Born 1954, Zanzibar, Tanzania
Lubaina Himid is a British artist and curator, as well as a professor of contemporary art at the University of Central Lancashire. Her art focuses on themes of cultural history and reclaiming identities. Himid was one of the first artists involved in the UK’s Black Art movement in the 1980s and continues to create activist art, which is shown in galleries in Britain and worldwide. Himid was appointed MBE in June 2010 for “services to black women’s art,” won the Turner Prize in 2017, and was made a CBE in December 2018 “for services to art.” Himid was born in the Sultanate of Zanzibar (then a British protectorate, now part of Tanzania) in 1954 and moved to Britain with her mother, a textile designer, following the death of her father when she was just four months old. A pioneer of the British Black Arts movement during the 1980s and 90s, Himid has long championed marginalized histories. Her drawings, paintings, sculptures, and textile works critique the consequences of colonialism and question the invisibility of people of colour in art and the media. While larger historical narratives are often the driving force behind her images and installations, Himid’s works beckon viewers by attending to the unmonumental details of daily life. Bright, graphic, and rich in colour and symbolic references, her images recall historical paintings and eighteenth-century British satirical cartoons. In many works, the presence of language and poetry—sometimes drawn from works by writers such as Audre Lorde, Essex Hemphill or James Baldwin—punctuates the silence of her images with commands, instructions or utterances that are both stark and tender.
Born 1969, London, UK
Bharti Kher’s œuvre spans more than two decades and includes paintings, sculptures, and readymade objects and installations. Her chimeras, mythical monsters, and allegorical tales combine references that are at once topical and traditional, political and postcolonial. Kher studied at Middlesex Polytechnic, London, and later received her BA (hons.) in painting from Newcastle Polytechnic in 1991. She moved to India in 1993 and continues to live and work in New Delhi. She has exhibited extensively internationally, and her work is held in major collections around the world. Kher is widely known for her signature use of the bindi in her paintings and sculptural works. Derived from the Sanskrit word bindu—meaning point, drop, dot, or small particle—and rooted in ritual and philosophical traditions, the bindi is a dot applied to the centre of the forehead as a representation of a spiritual third eye. Originally applied with natural pigment, bindis have transformed over time to become a popular, mass-produced accessory. Kher reclaims this way of seeing by creating lavish, intensely layered “paintings” charged with the bindi’s conceptual and visual links to ideas such as repetition, sacredness and ritual, appropriation, and markers of the feminine. The bindi becomes a language or code, which we may begin to read through works that elicit formal connections as abstract expressionism, op art, and geometric abstraction, and the Tantric and neo-Tantric traditions of India. Kher states: “I activate the surface for you to imagine the microcosmic and macro. Remember also that the work looks back at you.”

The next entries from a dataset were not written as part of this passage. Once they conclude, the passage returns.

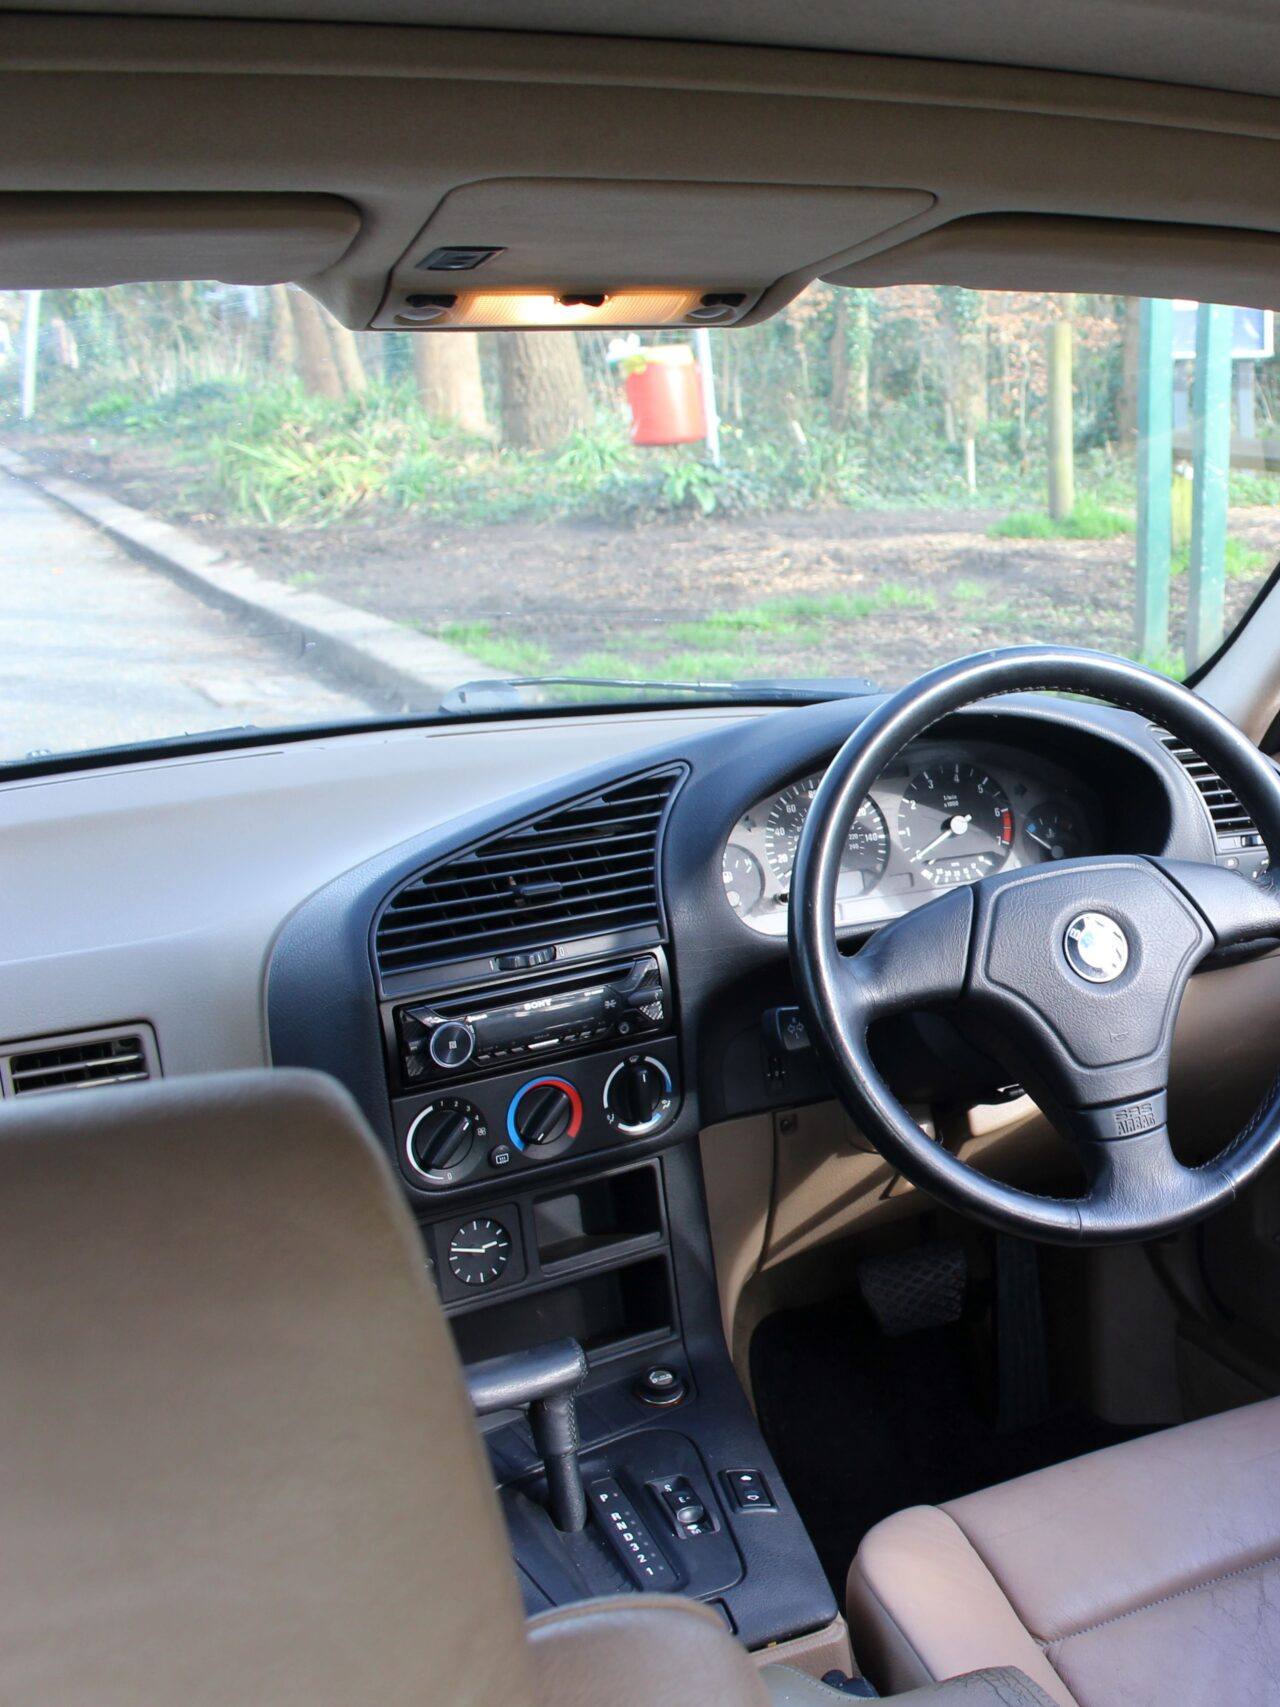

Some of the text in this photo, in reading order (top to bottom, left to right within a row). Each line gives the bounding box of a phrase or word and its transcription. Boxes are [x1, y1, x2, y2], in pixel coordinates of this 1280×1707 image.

[953, 773, 960, 783] 4
[928, 779, 934, 789] 3
[977, 784, 984, 794] 5
[785, 803, 797, 813] 60
[910, 800, 917, 810] 2
[994, 807, 1001, 817] 6
[774, 827, 786, 836] 40
[864, 832, 878, 842] 140
[777, 853, 788, 863] 20
[523, 999, 552, 1011] SONY
[1118, 1113, 1156, 1135] AIRBAG
[599, 1493, 609, 1502] P
[610, 1512, 622, 1521] R
[616, 1521, 628, 1530] N
[623, 1532, 634, 1541] D
[629, 1543, 640, 1551] 3
[637, 1554, 647, 1563] 2
[646, 1567, 654, 1576] 1
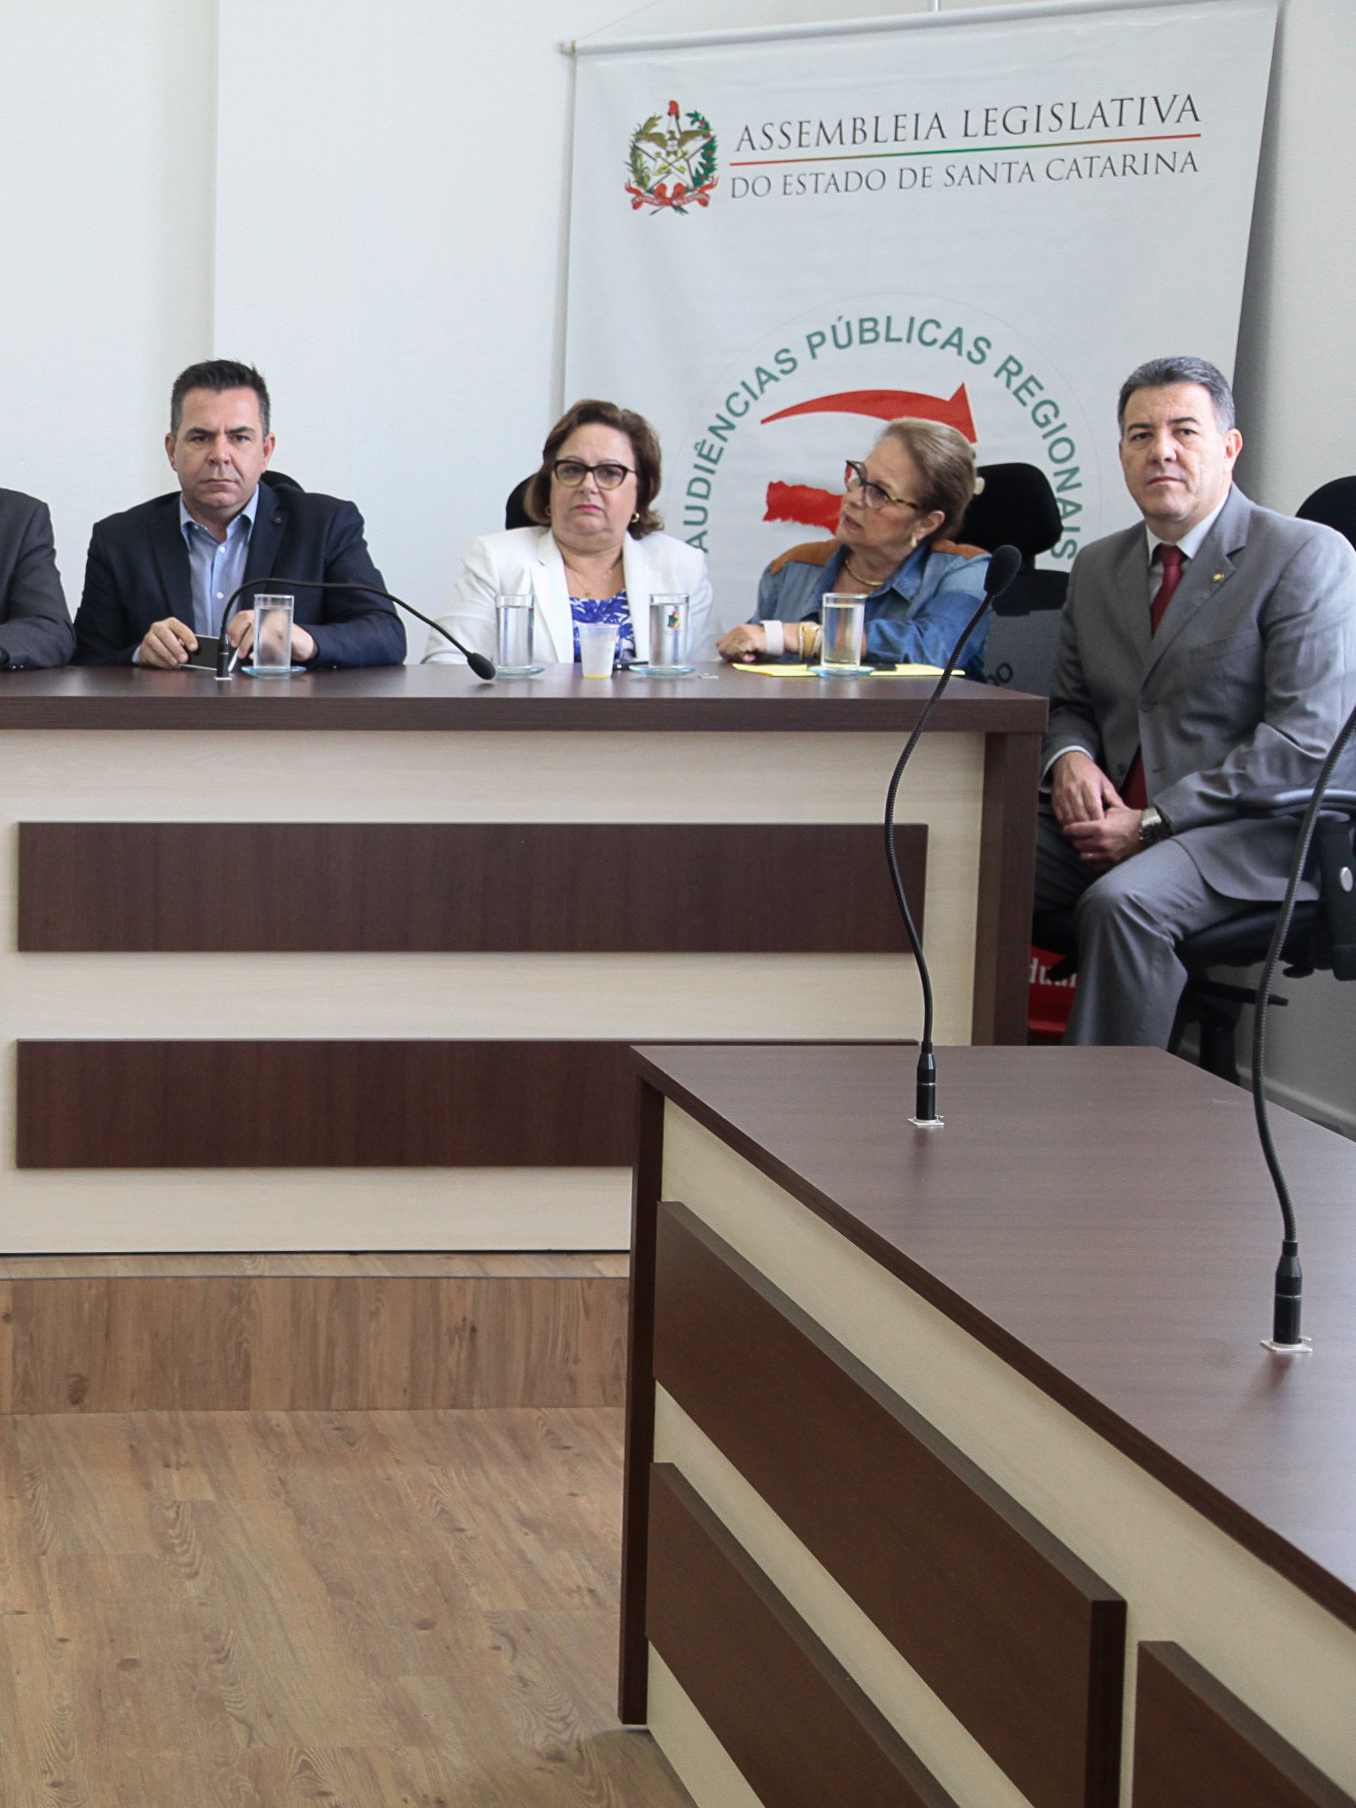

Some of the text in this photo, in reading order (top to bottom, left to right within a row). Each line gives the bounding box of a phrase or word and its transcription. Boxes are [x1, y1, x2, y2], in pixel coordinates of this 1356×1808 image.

[735, 93, 1202, 152] ASSEMBLEIA LEGISLATIVA
[730, 150, 1200, 199] DO ESTADO DE SANTA CATARINA
[683, 315, 1084, 560] AUDIÊNCIAS PÚBLICAS REGIONAIS
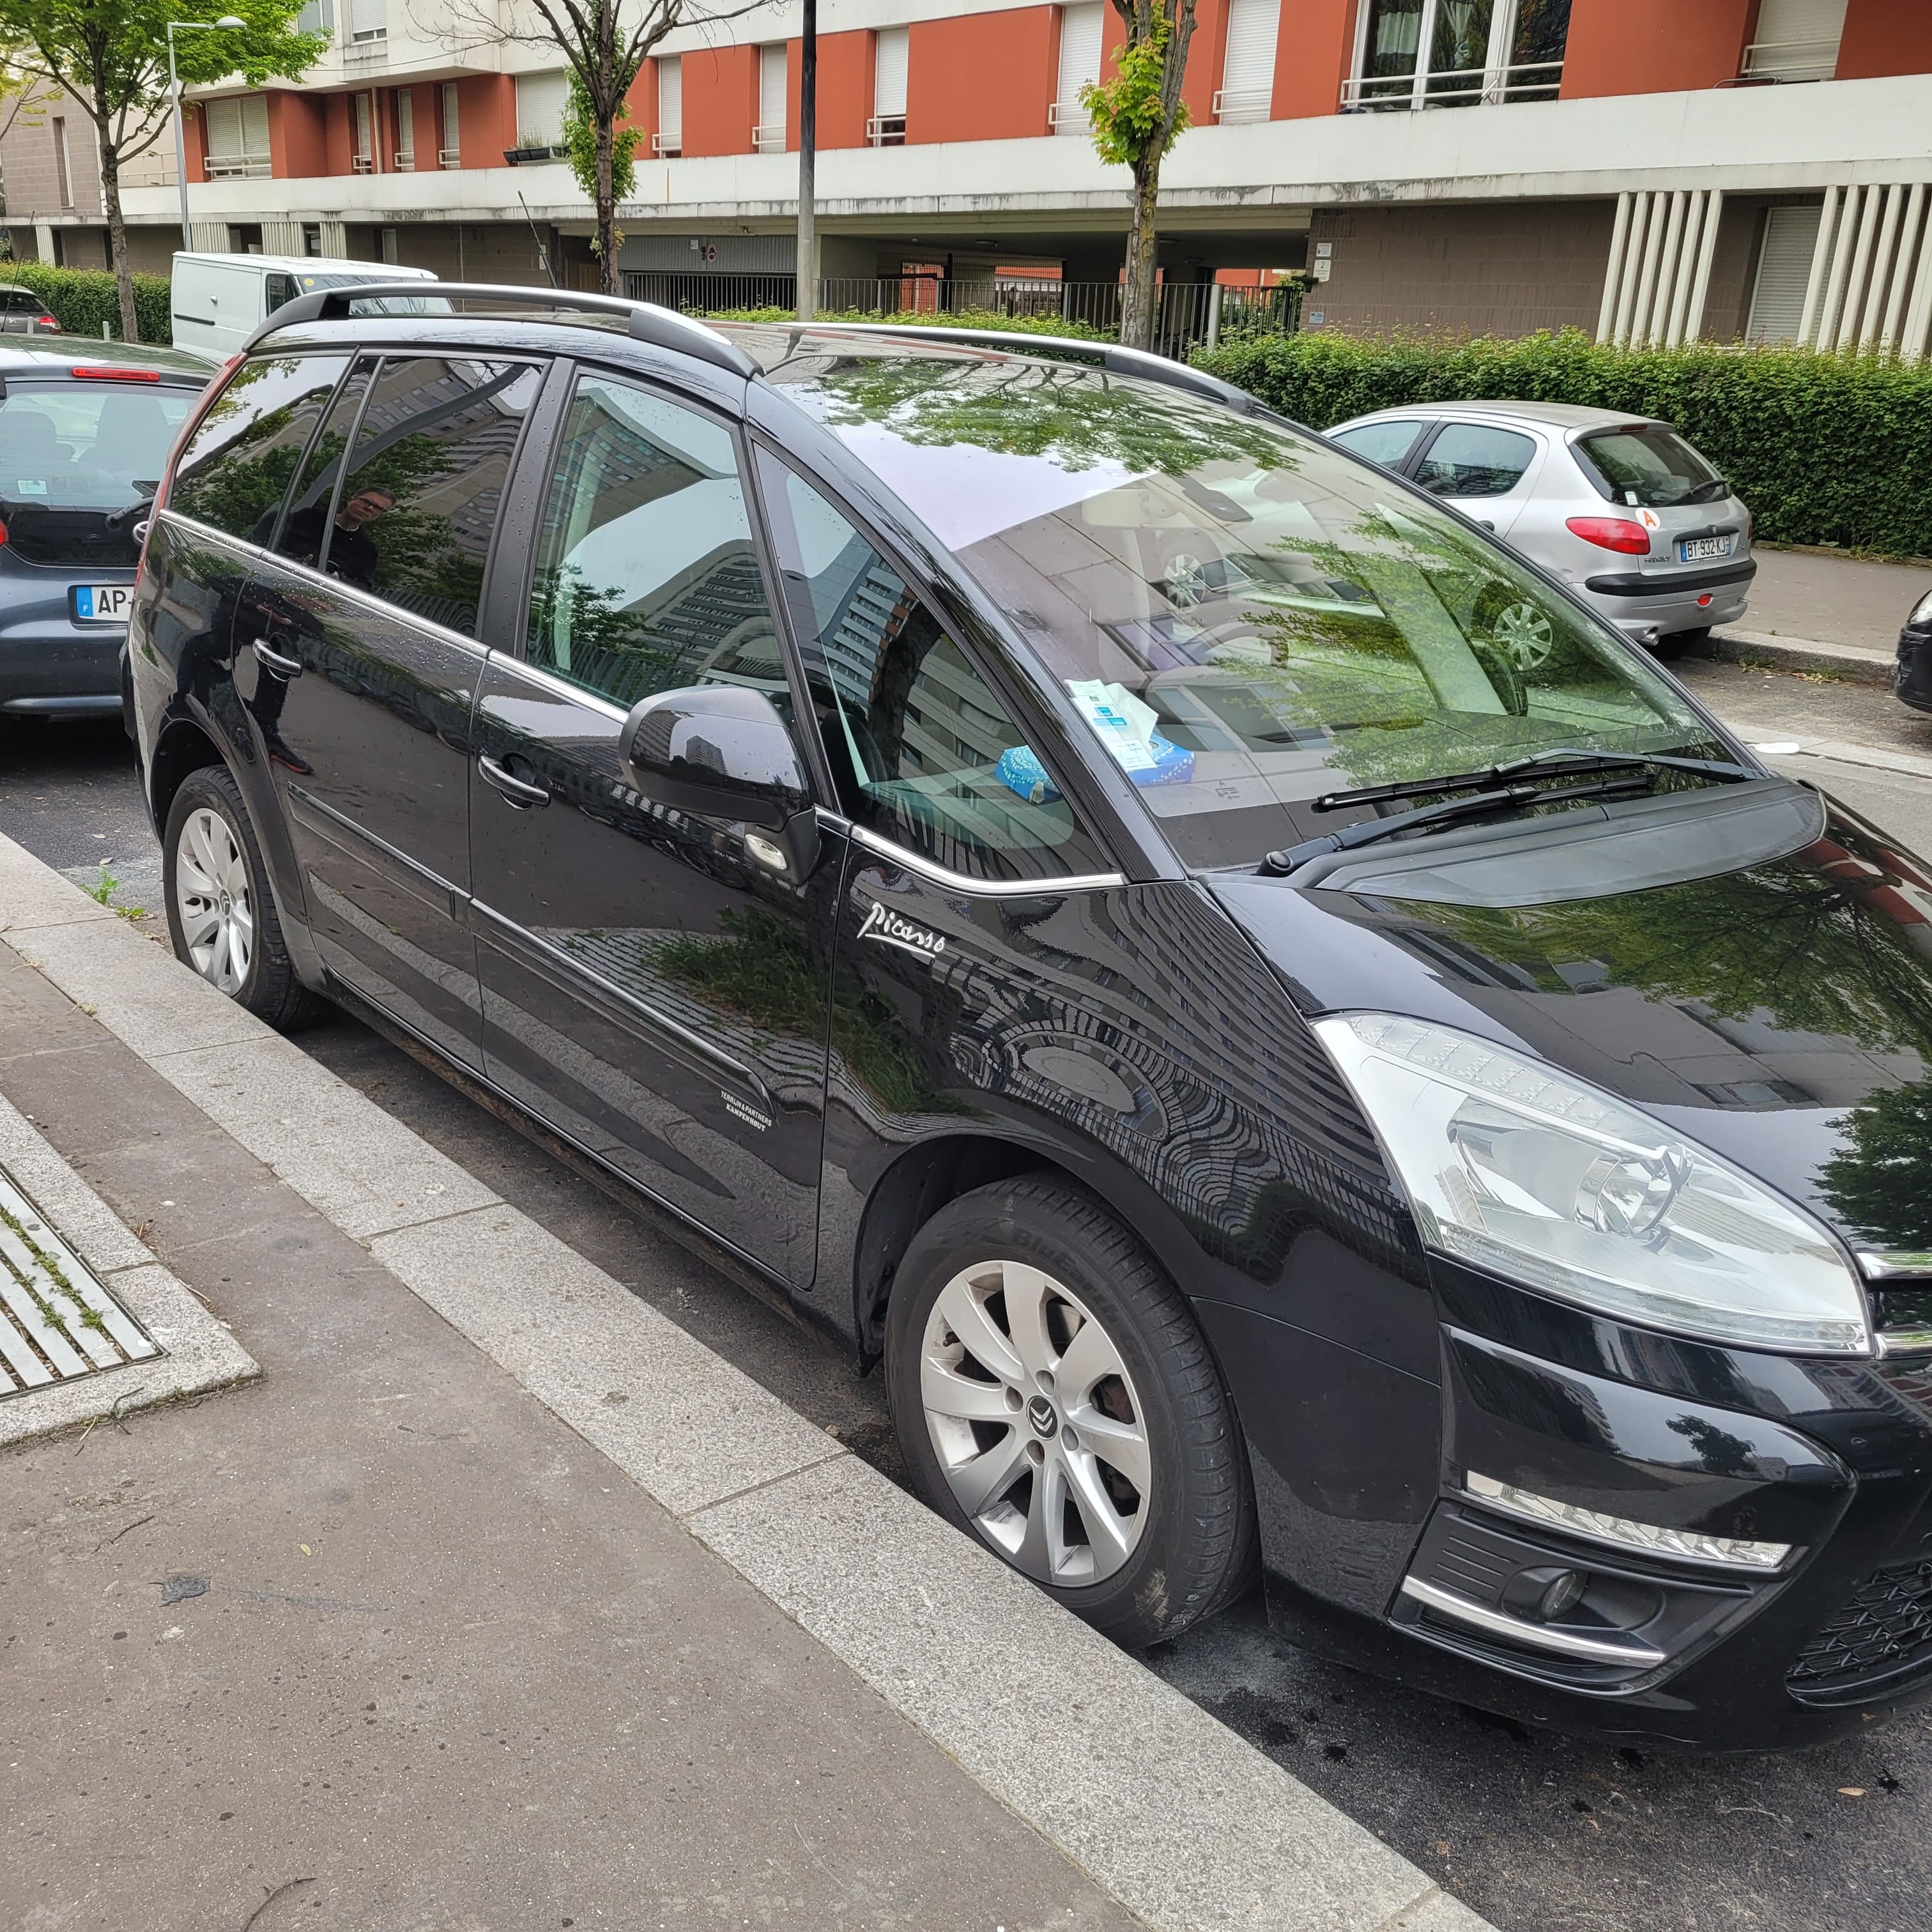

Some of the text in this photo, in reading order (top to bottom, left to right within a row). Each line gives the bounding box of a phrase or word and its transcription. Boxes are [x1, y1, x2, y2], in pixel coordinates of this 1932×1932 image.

Born 1973, Burnaby, Canada
Rick Leong’s painted landscapes are rooted in a bilingual vocabulary and style. Drawn from observation and influenced by classical Chinese paintings, imagery and symbols, his large-scale paintings incorporate a holistic view of the Canadian landscape and the artist’s relationship to it. Leong’s pursuit and recording of nature abides by the terms of traditional landscape painting, a strategy by which he disseminates an ongoing relational narrative. With attention to environmental changes in botany—such as temporal and meteorological conditions—the artist reimagines the natural world. Light becomes solid and massive, and rainbows become architectural. One is tempted to dwell in the poetry of experience. Painting no longer requires that the artist work solely from memory. What is not remembered accurately is invented, forming a synthesis of inspiration, observation, memory and imagination.
Born 1986, Port-au-Prince, Haiti
Montreal-based multidisciplinary artist Manuel Mathieu is known for his paintings, which investigate themes of historical violence and erasure, as well as Haitian visual cultures of physicality, nature and religious symbolism. Marrying abstract and figurative techniques, his compositions carve out space for us to reflect on Haiti’s transformative history, while inviting us to consider the different futures that the act of remembering creates. Drawing from a wide range of subjects, Mathieu’s practice combines his Haitian heritage with his formal art education, which culminated in an MFA from Goldsmiths, University of London.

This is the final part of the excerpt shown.